So you have decided to become a truck driver? Well, here’s what you need to know to get your CDL in Idaho and start driving a commercial vehicle.
CDL Requirements in Idaho
To obtain a commercial driver’s license (CDL) in Idaho, you must be:
- At least 18 years of age to drive intrastate, 21 years old to drive interstate (across the country)
- Have a valid non-CDL Idaho driver’s license (class D)
- US citizen or resident
- Pass the knowledge and vision tests
- Pass the skills test
Types of CDLs in Idaho
Class A: Allows the holder to operate any combination of vehicles with a gross vehicle weight rating (GVWR) of 26,001 or more pounds, provided that the GVWR of the trailer(s) is 10,000 pounds or less.
Class B: Allows the holder to operate any single vehicle with a GVWR of 26,001 or more pounds, or any such vehicle towing another not in excess of 10,000 pounds GVWR.
Class C: Allows the holder to operate any single vehicle with a GVWR of less than 26,001 pounds or such vehicle towing another not in excess of 10,000 pounds GVWR, which is placarded for hazardous materials or designed to transport 16 or more passengers (including the driver).
Idaho residents who plan on driving a commercial vehicle outside of the state will need to comply with the requirements of the state they are driving in, as well as the federal regulations. For more information, please contact your local Idaho DMV office.
The requirements for each endorsement vary, but generally involve additional written and skills tests. For more information on the specific requirements for each endorsement, you can contact the Idaho Department of Transportation.
Cost of CDL Training
Attending a truck driving school in Idaho is much less costly than in other states. It ranges between $1,700 and $4,500. Perhaps some schools provide their services at a lesser rate in order to attract more students. However, if it is a well-known college with outstanding facilities and skilled teachers, it is conceivable that you will obtain what you paid for. When comparing truck driving schools in Idaho, it’s critical to understand why each one charges the fees that they do. Inquire about what sets the school apart from its competitors.
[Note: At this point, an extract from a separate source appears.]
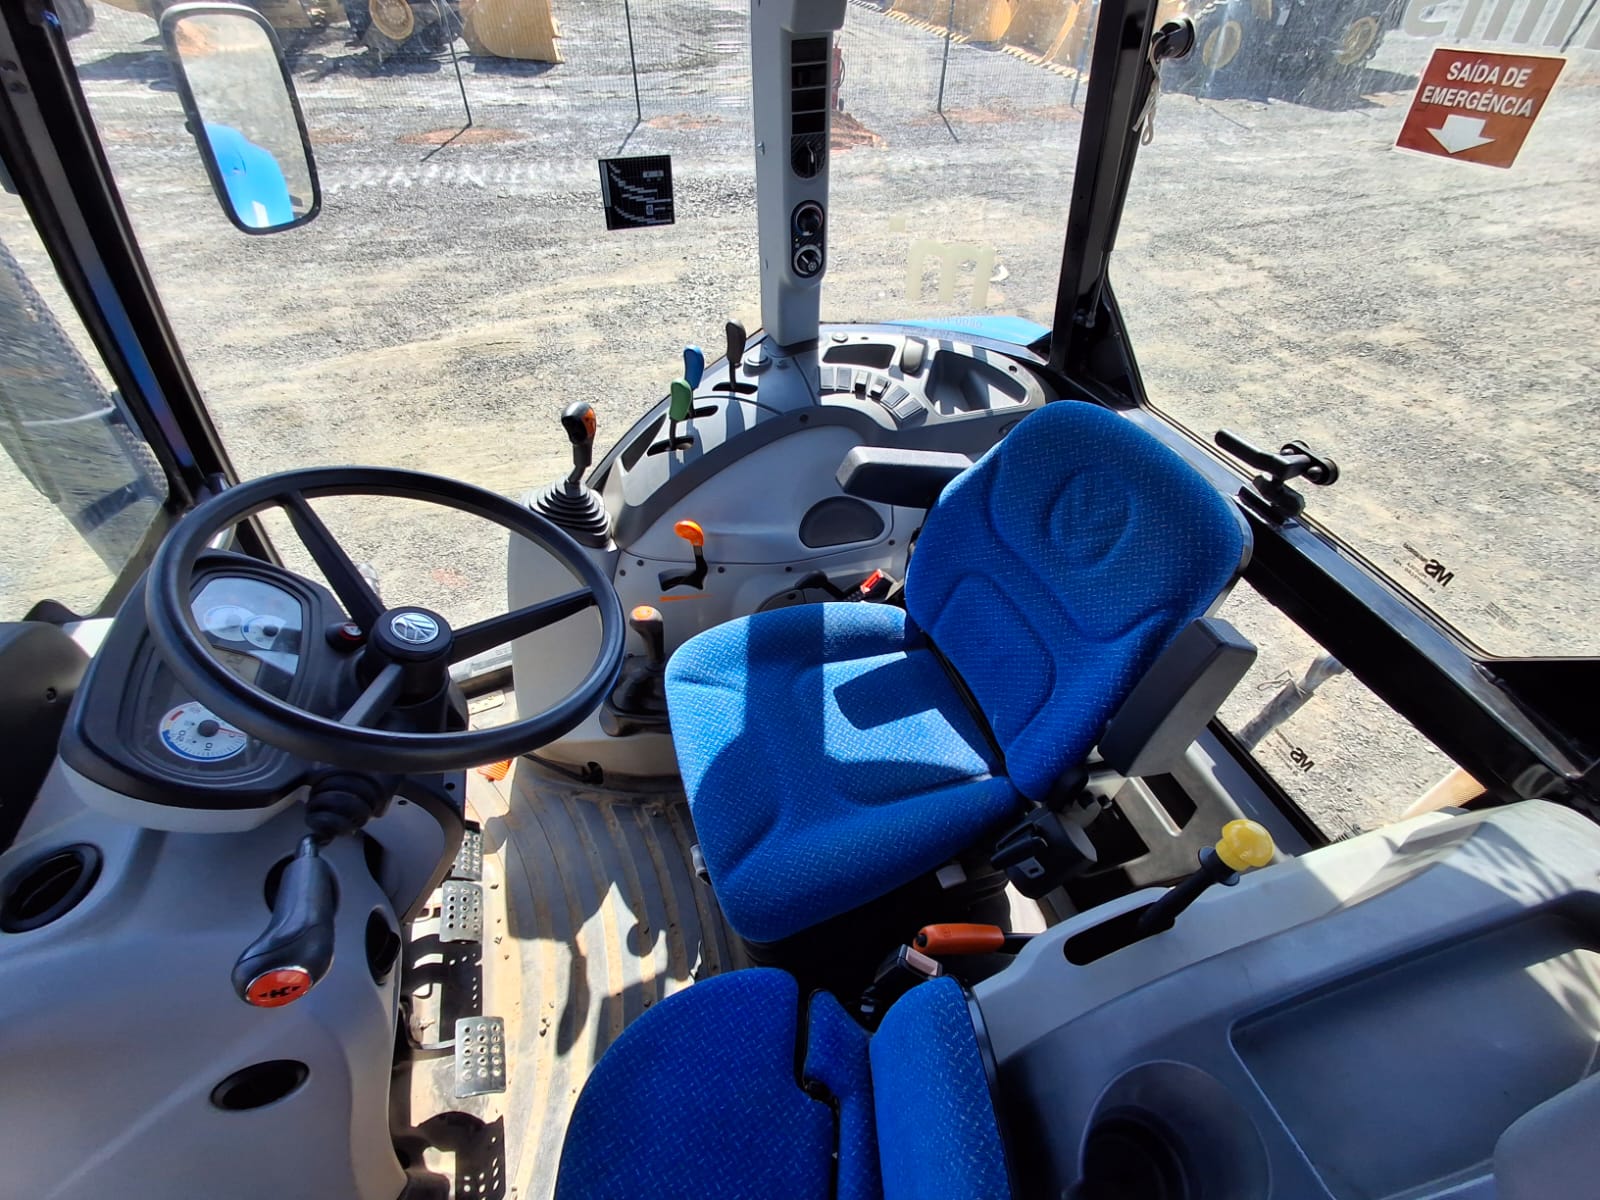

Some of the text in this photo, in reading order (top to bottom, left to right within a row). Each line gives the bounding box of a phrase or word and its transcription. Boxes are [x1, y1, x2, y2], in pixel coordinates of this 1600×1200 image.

[1447, 60, 1532, 88] SAÍDA DE
[1421, 86, 1533, 117] EMERGÊNCIA
How to Select Truck Driving Schools in Idaho
Type of Driving School
The two main types of truck driving schools are private schools and for-profit programs. A corporation is more inclined to hire someone who has completed a paid training program. You get paid while you study, and after you have completed your studies, you will be given a job. Private school tuition is expensive, and even if you finish the program, you may not be able to find work. Instead, you’ll have to look for work on your own.
Complete Your Research
You must do extensive research in order to make an educated choice about the program to enroll in. Keep the following elements in mind while comparing truck driving schools:
- a school’s reputation as a learning environment among its former pupils
- There is a cost to attending college.
- The length of teaching
Also, when choosing truck driving schools outside of Idaho, be sure that your CDL will be simple to transfer back to Idaho. Each state in the United States also has its own set of rules. In certain countries, the written CDL examinations must be retaken a second time, whilst in others, the written tests and the road test must be completed concurrently. Consider this before deciding to get your CDL elsewhere.
The Standard of Instruction
Being on the road and driving a truck is an experience that can only be obtained via on-the-job training. Experience is the only thing that can replace it. A great CDL trainer is mainly reliant on the caliber of his or her pupils. They should like teaching and observing their students improve from inexperienced to skilled truck drivers.
Working alone to make a livelihood is insufficient. When you come to visit, take advantage of the chance to meet some of the current students and lecturers. Inquire if or not the instructors like and appreciate their job. They must also be compassionate and patient with their students.
Don’t Forget About Getting A Job!
The next stage will be to get work as a truck driver. If you want to attend a private training school that does not hire its graduates, you should check into job placement services. Inquire about each truck driving school’s job placement services and their most recent job placement records. Enroll in a truck driving school that has a track record of putting its graduates in employment as soon as they finish their training. Finding a job after training is very important, and a good school can help with placement.
Inquire About the Instructor’s Prior Work
To become a professional truck driver, one must first attend a truck driving school and undergo training. At this time, it is critical to learn critical skills in an easy-to-use format. The best way to learn is to be taught by someone who has considerable experience and skill. Examine the qualifications of the teachers at the truck driving school you’re thinking about enrolling in.
While instructing their students, the majority of truck driving schools in Idaho adhere to a set of criteria. In Idaho, commercial drivers must pass a written knowledge test, which is given to pupils in the classroom. No two schools, however, are the same. As a result, before enrolling in a truck driving school, you should do some research.
List of Trucking Schools in Idaho
TruckersTraining.com provide information, tools and resources to those who want to become a truck driver in the U.S. We hope that you can use the content on the site to help inform you on whether or not you want to drive trucks for a living.